Thanks for the info! I personally haven’t looked at my PR (never installed the Google Toolbar), but it’s something I should be paying attention to.

I noticed this a bit later: I happened to recall that many links I see to Reason magazine have WWW left off. So I tried “link:” queries at Google:

link:reason.com = 3,260 results
link:www.reason.com = 4,450 results

There’s some duplication between the two, but WOW.

Your 301 redirect solution is a good practice is well worth adopting.

Also on this subject, NPR has the stupidest method:

http://npr.org/

They use Javascript to redirect to WWW. Some 14% of internet users have JS disabled:

http://www.thecounter.com/stats/2003/May/javas.php

And robots like googlebot obviously are going to choke on JS.

Thanks again for the idea!

4. Ronnie commented on 11/24/2003 3:27:26 PM:

I never noticed I had 2 page ranks.. is there a solution for those who do not host their website on servers they control to fix this?

5. J.D. commented on 11/24/2003 3:31:02 PM:

You could actually point your DNS cname records for ronniewilliams.net to someone else’s server, and let them host the 301 redirect back to your www.ronniewilliams.net page. Let me know if you want me to do that Ronnie.

6. Stewart commented on 11/27/2003 2:48:50 PM:

FYI if you’re running Apache you can do this with mod_rewrite (in the main config if you control the server, or .htaccess if you have shared hosting). Mine looks like this:

RewriteEngine On
RewriteCond %{HTTP_HOST} ^vardaman.org$
RewriteRule ^(.+) http://www.vardaman.org/$1 [L,R=301]

This takes care of subdirs too (http://site.com/stuff/here/there.html)

7. mike commented on 4/10/2004 11:31:06 PM:

I understand different URLs with the same domain can have different pageranks, because they are allowed to be different sites. Sometimes by coincidence ranks are the same: compare www.house.info and plain
house.info ). I have some questions I hope you can answer. Is it necessary to have a
unique IP number dedicatedd to your domain and site in order to have good pagerank?
How can high PR domains can be used to increase rank of another site, without developing a site? Redirection doesn’t help. Does CName help?
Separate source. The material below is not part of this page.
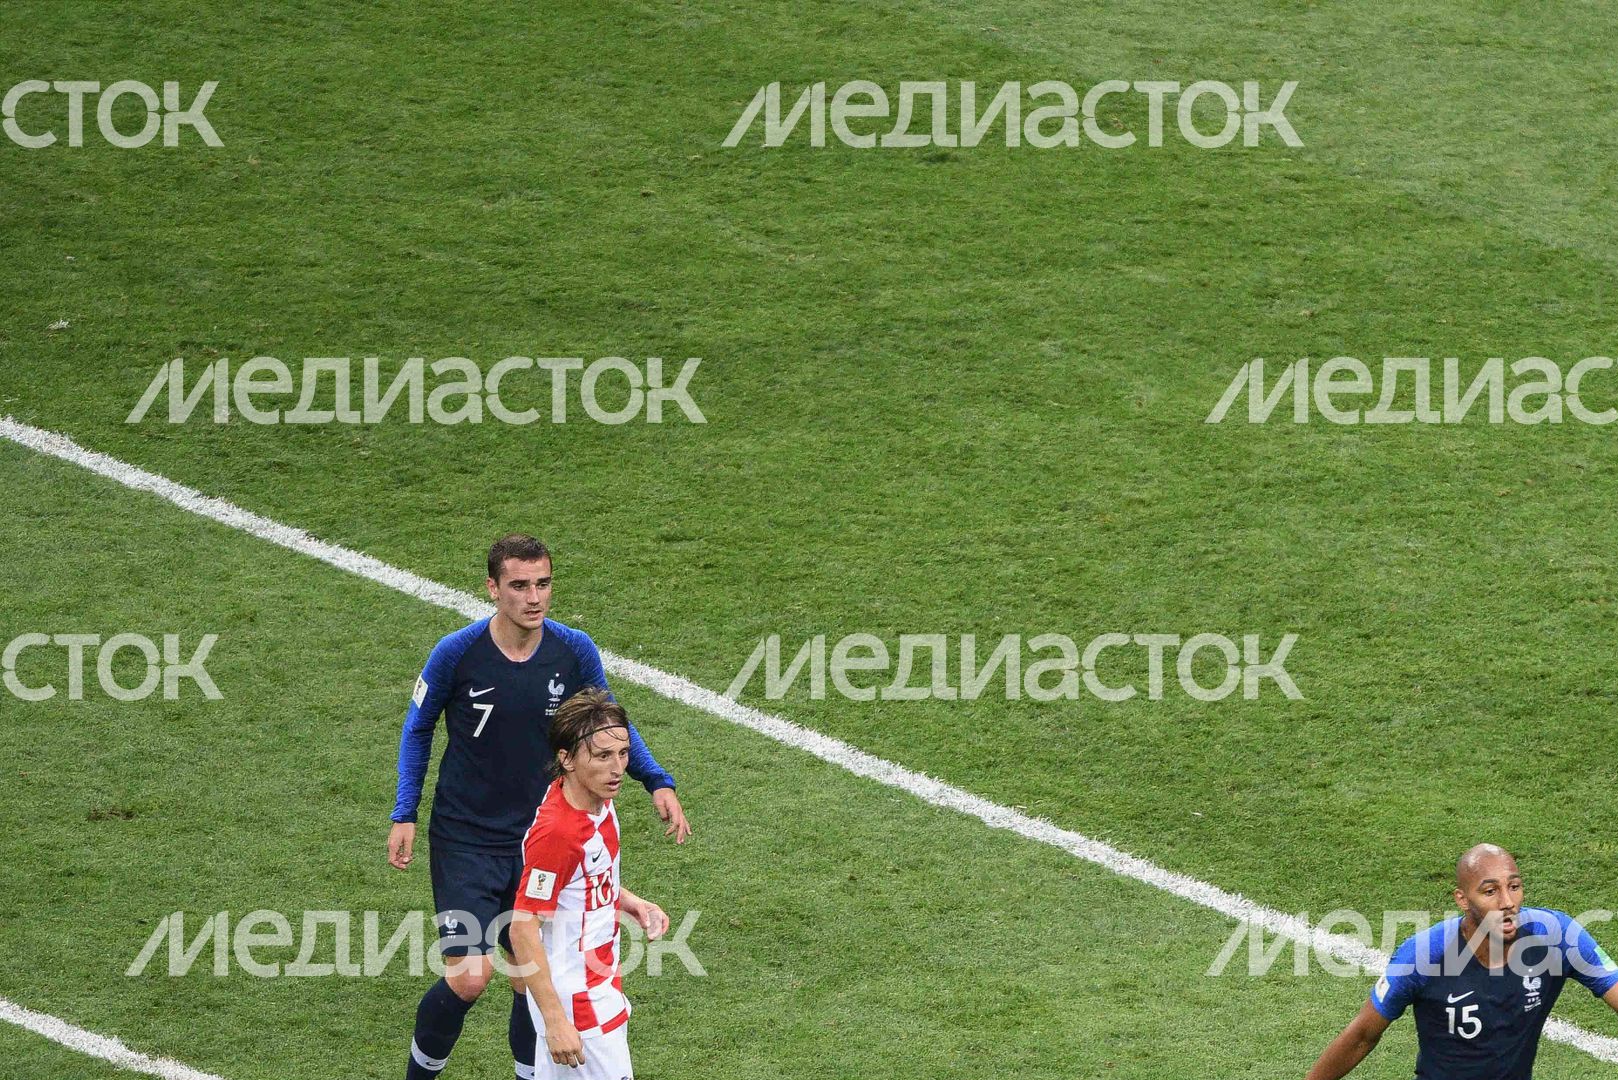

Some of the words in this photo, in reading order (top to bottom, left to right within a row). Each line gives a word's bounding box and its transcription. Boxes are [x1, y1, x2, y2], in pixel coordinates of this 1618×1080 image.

Last question: If
CName doesn’t resolve to intended domain and instead resolves to a different domain hosted on the same server, what can one conculde in terms of PR?

8. mike commented on 4/10/2004 11:31:07 PM:

Above I meant compare http://www.house.info and http:// house.info, sorry for confusion.
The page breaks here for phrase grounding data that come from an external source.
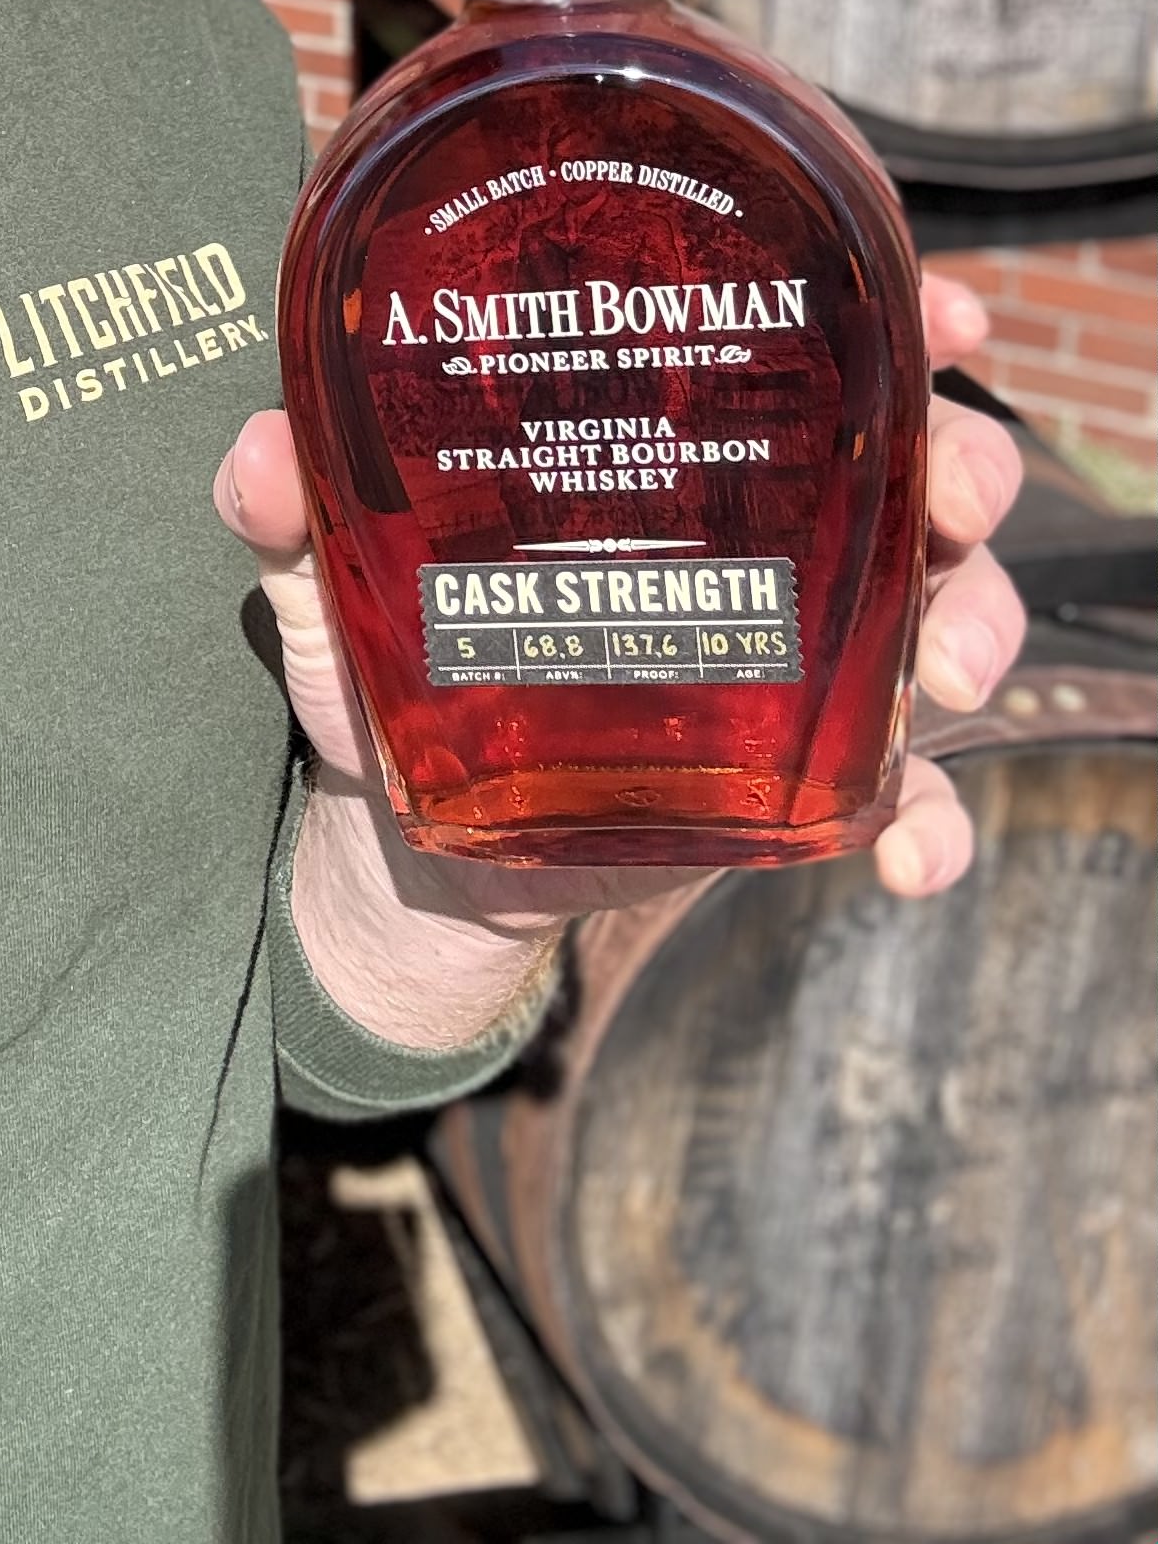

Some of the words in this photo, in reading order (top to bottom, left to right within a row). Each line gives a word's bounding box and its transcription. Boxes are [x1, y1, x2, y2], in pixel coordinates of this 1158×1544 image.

[429, 186, 488, 233] SMALL
[487, 165, 547, 201] BATCH
[561, 160, 633, 183] COPPER
[637, 164, 735, 216] DISTILLED
[382, 291, 429, 346] A.
[433, 288, 584, 343] SMITH
[585, 279, 808, 336] BOWMAN
[480, 350, 609, 375] PIONEER
[617, 345, 716, 370] SPIRIT
[521, 416, 676, 443] VIRGINIA
[437, 444, 601, 472] STRAIGHT
[608, 439, 771, 466] BOURBON
[529, 467, 678, 494] WHISKEY
[435, 571, 544, 616] CASK
[556, 568, 778, 614] STRENGTH
[456, 637, 476, 659] 5
[523, 634, 584, 659] 68.8
[612, 632, 678, 659] 137.6
[701, 631, 729, 656] 10
[736, 630, 787, 656] YRS
[452, 671, 491, 682] BATCH
9. MonIca KEndal commented on 4/10/2004 11:31:08 PM:

I meant h.i.

10. J.D. commented on 4/13/2004 11:31:06 PM:

Hi Mike, good questions and observations Smiley

You’re right about pages (URLs) having the same PageRank seemingly “by coincidence” but you should be able to determine fairly precisely WHY each URL has a certain PR.

The most useful way I know to analyze why a URL has a high or low PR is to look at the backlinks of the URL (backlinks are the pages that point “back” to the URL you’re viewing.)

Different search engines will have different sets of backlinks, and the methods for determing baclinks varies. I wrote the Googlizer to check backlinks or search engine saturation (saturation indicates how many pages from a particular domain are indexed in a search engine, i.e. how “saturated” the search engine is with that domain.)

If two URLs have the same PR, then each URL should theoretically have a similar number or quality of inbound links (backlinks)

An example of this, say widget1.com has TEN PR5 backlinks and www.widget1.com has ONE PR6 backlink. Both widget1.com and www.widget1.com may both end up having a PR4 or PR5 (the point is that inbound PR quality as well as quantity plays a role in determining PR.) If this wasn’t clear, just post and we’ll try to do some better examples Smiley

I don’t think CNAME will help. The easiest way to transfer PR is via a text link. The link should be FROM the high PR page and TO the low PR page.

Can you give me a specific example on the last question you had (about cname not resolving…)

11. mike commented on 4/14/2004 11:31:06 PM:

Thanks for answers. Maybe I should ask last one in a different way. Two domains and their sites are hosted on one server:
site A, and site B. Site B is mine. Webhoster told me that site B doesn’t have unique IP resolving to site B. If I Cname another domain, say C, to B; it is redirected to A. I am wondering if I (site B) am losing any rank because of this situation.